Los concejales han de ser letrados, deben saber leer y escribir muy bien para poder no sólo presentar sino preservar sus propuestas. Si usted quiere conocer el nivel cultural de una ciudad asista a su Concejo, allí está el vivo reflejo de su sociedad. La falta de conducta y disciplina es evidente en la alharaca de sesiones que constituye su esencia y que dista del ejemplo ciudadano. Son dueños de hacer reconocimientos y exaltaciones a veces sin entender ni saber porque. En los concejos del país no es el que más piense, es el que más grite, casi nunca el más inteligente ni el más educado. No sé si estoy errado.
La llegada de personas y profesionales íntegros al Consejo de cualquier municipio ha de ser una premisa. En Neiva tendremos la oportunidad de elegir de nuevo; he conocido a dos profesionales con integridad moral y ética que bien vale la pena como muchos otros seguramente acompañar en su empeño de hacerse elegir; el Ingeniero óscar Hernando Motta, y el abogado José Guillermo Amezquita, ambos con mucho fundamento, sus acciones les apoyan, su sentido social y capacidad de impactar en los cambios que requiere la ciudad son elocuentes y aterrizados a las gestas viables.
Los concejales deben ser los auténticos voceros de la democracia, prestos a atender las necesidades de las personas, con un alto sentido de la responsabilidad, honorabilidad y transparencia.
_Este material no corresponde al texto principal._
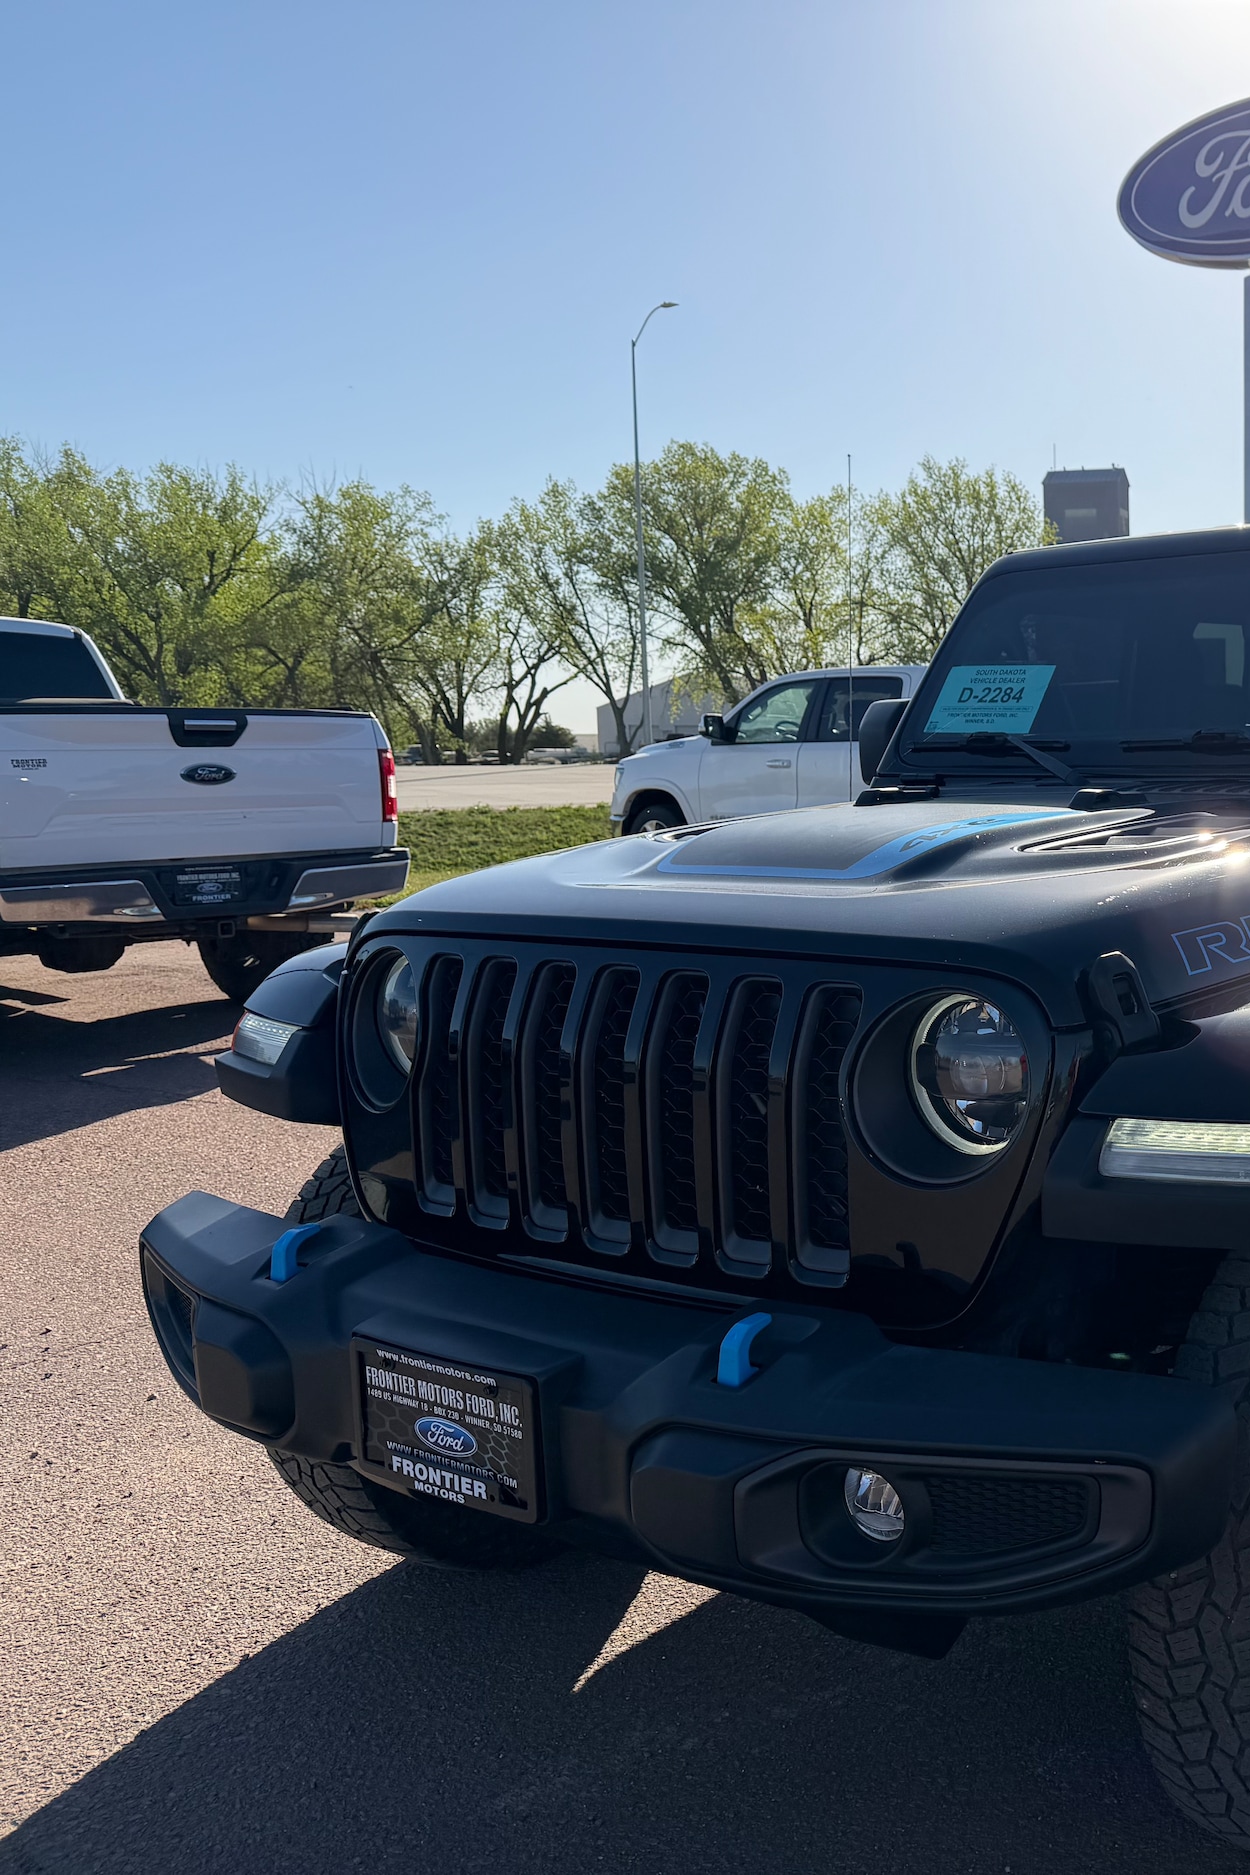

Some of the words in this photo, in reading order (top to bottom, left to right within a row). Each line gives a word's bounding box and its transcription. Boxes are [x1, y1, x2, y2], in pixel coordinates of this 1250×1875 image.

En Bogotá hace unos años la elección de un lustra botas fue la evidente respuesta de una sociedad cansada de la desestimación de sus concejales, lo pusieron allí como un demostración del atraso social y una muestra de poder electoral que los políticos no estuvieron dispuestos a repetir, pero nunca cambiaron y podría volver a suceder, incluso aquí en Neiva; creo estar errado.